Required work: Nothing in the listing should be dropped or altered when it is copied.

Exercise materials:
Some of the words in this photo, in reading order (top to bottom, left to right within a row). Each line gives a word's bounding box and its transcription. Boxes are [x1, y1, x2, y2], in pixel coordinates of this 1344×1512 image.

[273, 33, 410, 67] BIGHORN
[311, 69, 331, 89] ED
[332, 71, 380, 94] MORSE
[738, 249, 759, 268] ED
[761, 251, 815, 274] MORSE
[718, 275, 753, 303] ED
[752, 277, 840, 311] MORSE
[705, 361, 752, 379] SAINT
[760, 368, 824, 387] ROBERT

Task result:
Some of the words in this photo, in reading order (top to bottom, left to right within a row). Each line gives a word's bounding box and its transcription. Boxes are [x1, y1, x2, y2], in pixel coordinates of this 1344×1512 image.

[273, 33, 410, 67] BIGHORN
[311, 69, 331, 89] ED
[332, 71, 380, 94] MORSE
[738, 249, 759, 268] ED
[761, 251, 815, 274] MORSE
[718, 275, 753, 303] ED
[752, 277, 840, 311] MORSE
[705, 361, 752, 379] SAINT
[760, 368, 824, 387] ROBERT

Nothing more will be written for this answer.